A general practitioner friend once joked that he and his peers should be members of the Campaign for Real Ailments. The so-called “worried well”, he said, were one of the greatest strains facing the NHS; patients with no significant medical history and healthy lifestyles, who convince themselves that a common cold was a harbinger of some life-limiting condition. “We see them as patients, they see themselves as consumers,” he bemoaned.

The golfer, for sure, is not alone. At the weekend, he and the rest of Scotland’s middle-class were upbraided by one of the country’s most senior health officials. In an interview, Professor Jason Leitch, the Scottish Government’s national clinical director for healthcare quality and strategy, accused this well-heeled and entitled demographic of being partly to blame for the woes of the NHS.

“The common headline is that of an ageing demographic – that is true but it accounts for about 2 per cent of the increased money we have to spend,” Mr Leitch explained. “But there is another 2 per cent and that is the demand of the middle class: educated, middle-aged people who have grown up with a health service where access is instant and there is never any question of not getting care.”

Hypochondriasis is by no means a newly identified scourge. In the opening of his seminal comic novel, Three Men in a Boat, Jerome K Jerome’s narrator pores over a compendium of ailments, bemoaning how he seems to suffer from every malady other than housemaid’s knee. “I felt rather hurt about this at first,” he reflects. “It seemed somehow to be a sort of slight.”

This irrational anxiety has come into sharp focus given the travails of our wonderful health service. With resources squeezed, it has been reluctant to properly engage with the issue. There is no consensus for how to deal with those who medicalise every part of their life. Some GPs, like my friend, favour a stern approach. Others seek to reassure their patients by sending them for tests to disprove their fears. One approach seems to be reckless, the othjer inefficient.
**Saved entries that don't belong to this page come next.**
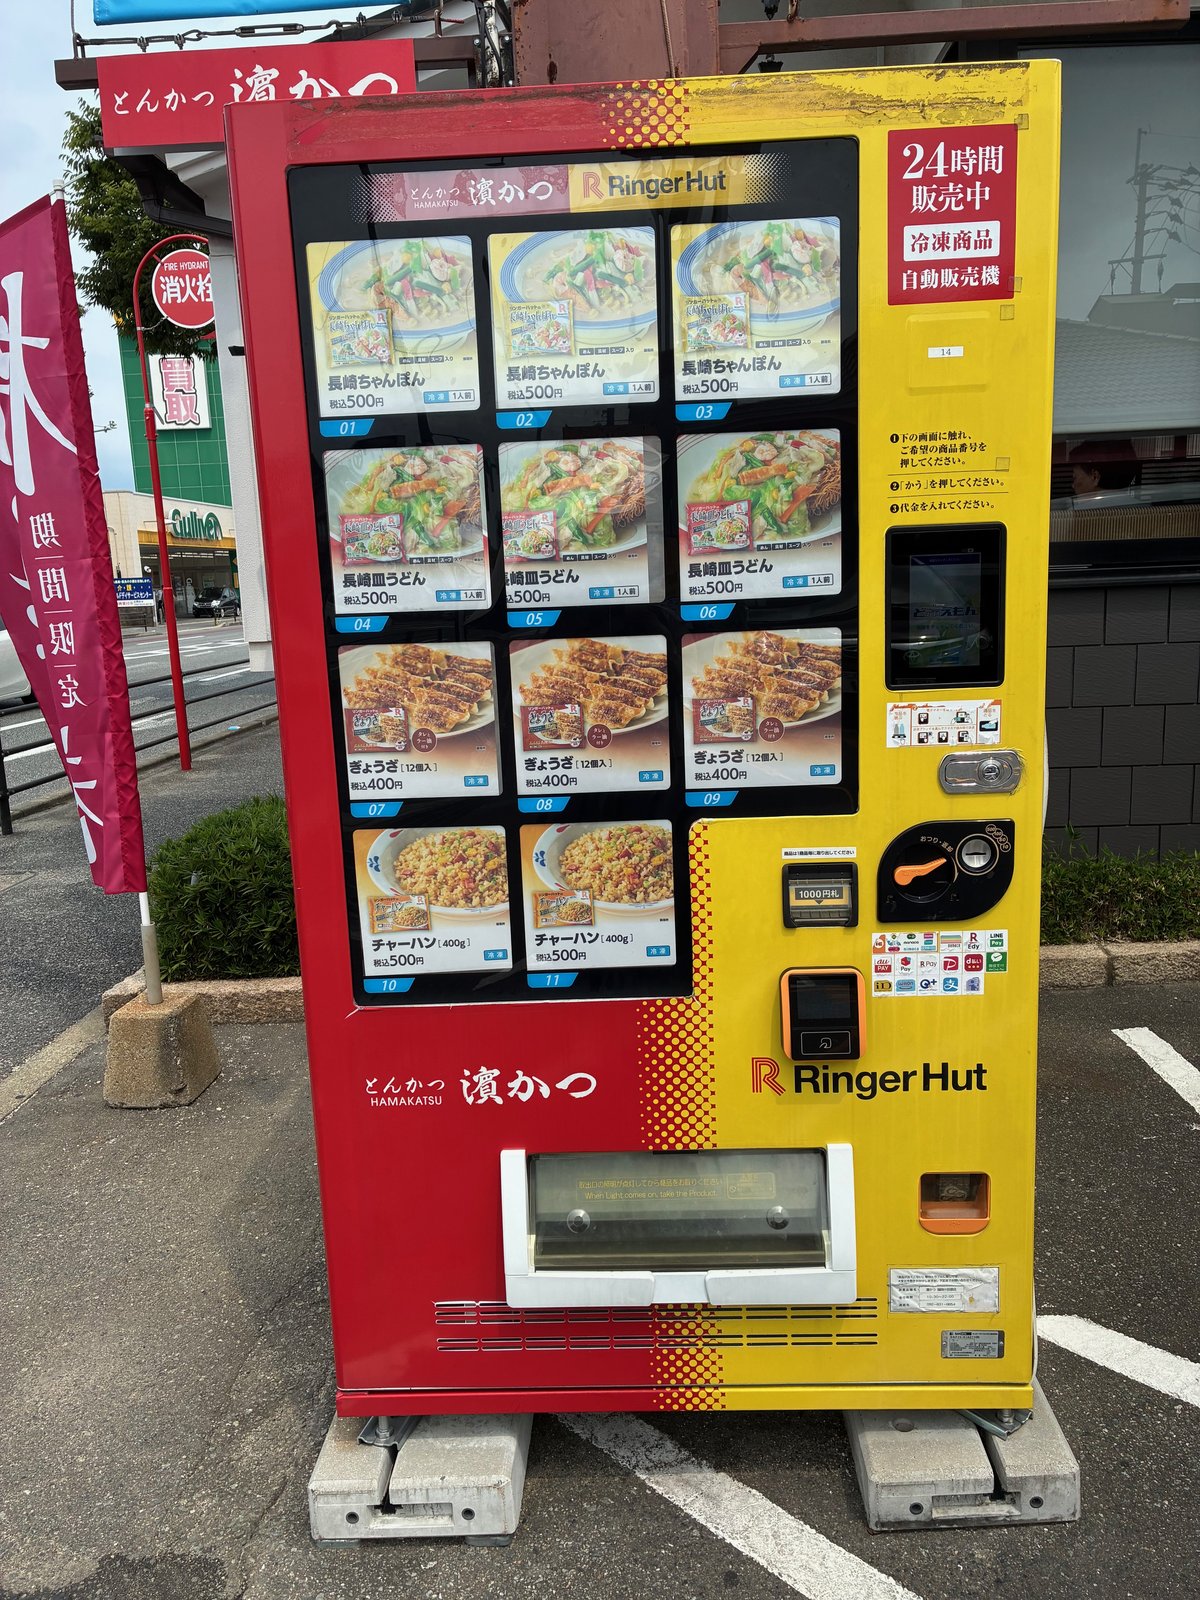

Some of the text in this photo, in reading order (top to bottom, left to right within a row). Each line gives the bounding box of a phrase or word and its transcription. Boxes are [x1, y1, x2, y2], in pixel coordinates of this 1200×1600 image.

[113, 88, 215, 115] とんかつ
[902, 141, 1004, 179] 24時間
[608, 173, 684, 198] Ringer
[686, 169, 727, 192] Hut
[410, 179, 554, 206] とんかつ 濱かつ
[910, 181, 991, 214] 販売中
[413, 200, 459, 209] HAMAKATSU
[910, 228, 993, 254] 冷凍商品
[164, 261, 208, 271] FIRE HYDRANT
[902, 265, 1000, 291] 自動販売機
[160, 272, 214, 304] 消火栓
[940, 348, 952, 356] 14
[506, 362, 606, 382] 長崎ちゃんぽん
[682, 356, 782, 376] 長崎ちゃんぽん
[328, 372, 426, 391] 長崎ちゃんぽん
[682, 378, 739, 394] 税込500円
[808, 376, 828, 384] 1人前
[160, 358, 200, 426] 買取
[508, 386, 562, 400] 税込500円
[632, 384, 652, 392] 1人前
[330, 394, 384, 409] 税込500円
[452, 392, 472, 400] 1人前
[695, 406, 714, 419] 03
[516, 414, 534, 427] 02
[340, 422, 356, 435] 01
[900, 442, 987, 454] ご希望の商品番号を
[900, 457, 966, 468] 押してください。
[688, 559, 774, 578] 長崎皿うどん
[342, 572, 426, 588] 長崎皿うどん
[688, 580, 743, 595] 税込500円
[344, 591, 398, 606] 税込500円
[506, 590, 550, 604] 込500円
[526, 612, 543, 625] 05
[700, 606, 717, 619] 06
[354, 618, 371, 631] 04
[524, 756, 574, 771] ぎょうざ
[694, 749, 744, 765] ぎょうざ
[349, 759, 399, 774] ぎょうざ
[526, 775, 578, 788] 税込400円
[694, 768, 747, 781] 税込400円
[350, 777, 403, 791] 税込400円
[536, 798, 553, 811] 08
[703, 793, 721, 805] 09
[368, 804, 385, 816] 07
[799, 890, 840, 898] 1000円札
[372, 937, 436, 952] チャーハン
[535, 932, 600, 946] チャーハン
[373, 954, 424, 968] 税込500円
[536, 949, 586, 962] 税込500円
[382, 980, 397, 991] 10
[546, 974, 560, 986] 11
[365, 1065, 597, 1106] とんかつ 濱かつ
[794, 1064, 917, 1101] Ringer
[922, 1062, 988, 1092] Hut
[370, 1096, 442, 1107] HAMAKATSU
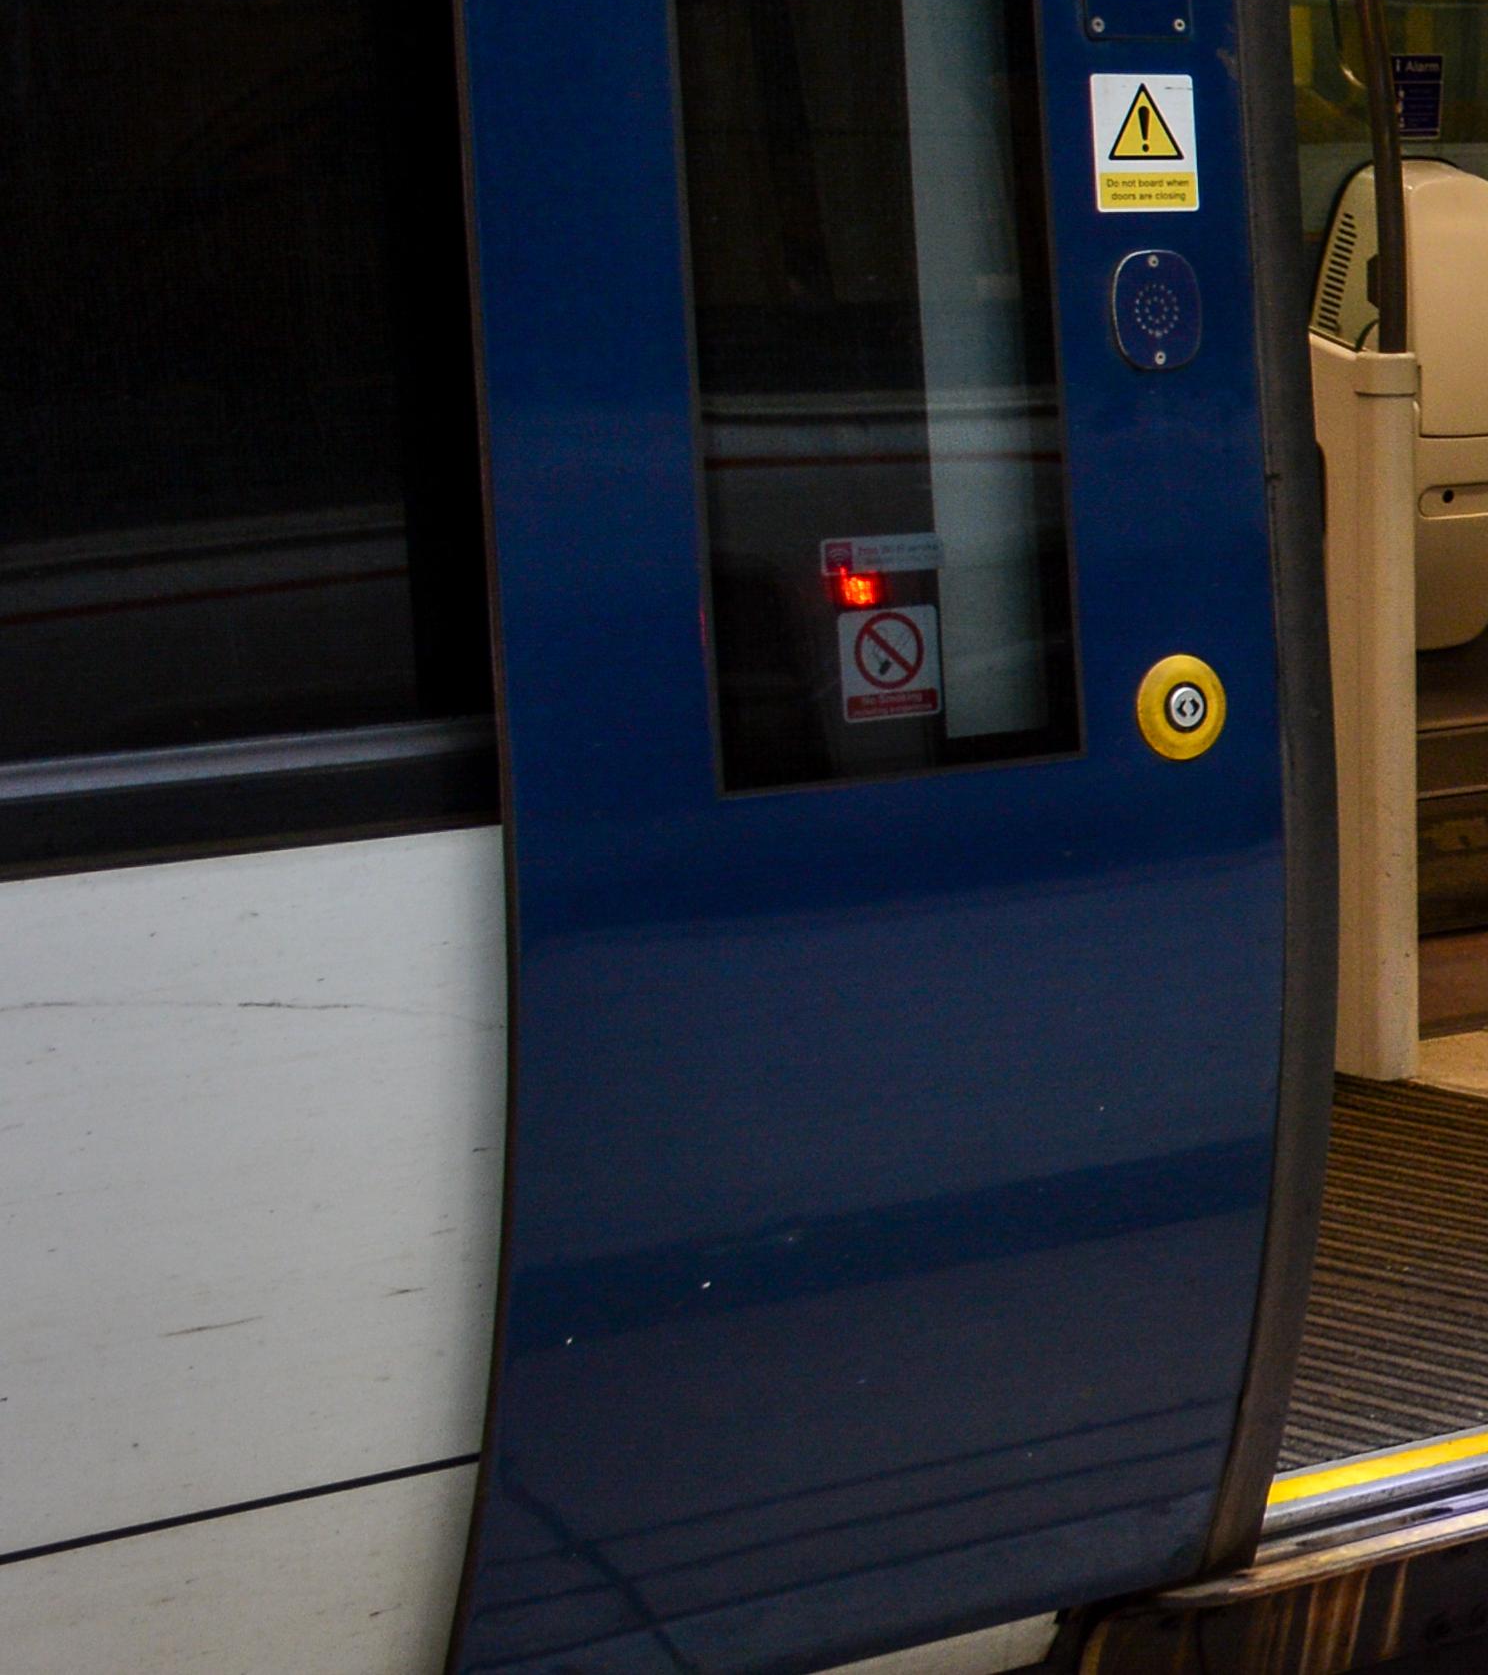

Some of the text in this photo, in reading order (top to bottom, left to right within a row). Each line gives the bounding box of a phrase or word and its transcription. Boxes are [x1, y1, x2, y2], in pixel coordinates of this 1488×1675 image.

Neither addresses the underlying cause of the anxiety.

The most obvious way to do that is to nurture relationships with patients and building continuity of care, but demands on time render that an aspiration at best. The number of consultations has shot up by nearly 600,000 since 2008-9, thanks in part to the proliferation of self-diagnosing health apps and private screening firms which are only too happy to profit from apprehension before passing the burden back to, yes, the NHS.

Lasting change will only emerge via substantive research. The only considerable body of work to date has been compiled by the Self Care Forum. It claims some 57 million consultations a year for minor ailments cost the NHS £2bn. Harrowing figures, for sure, but it is worth bearing in mind that the forum’s board members include the chief executive of the Proprietary Association of Great Britain, the trade body for manufacturers of over-the-counter medicines.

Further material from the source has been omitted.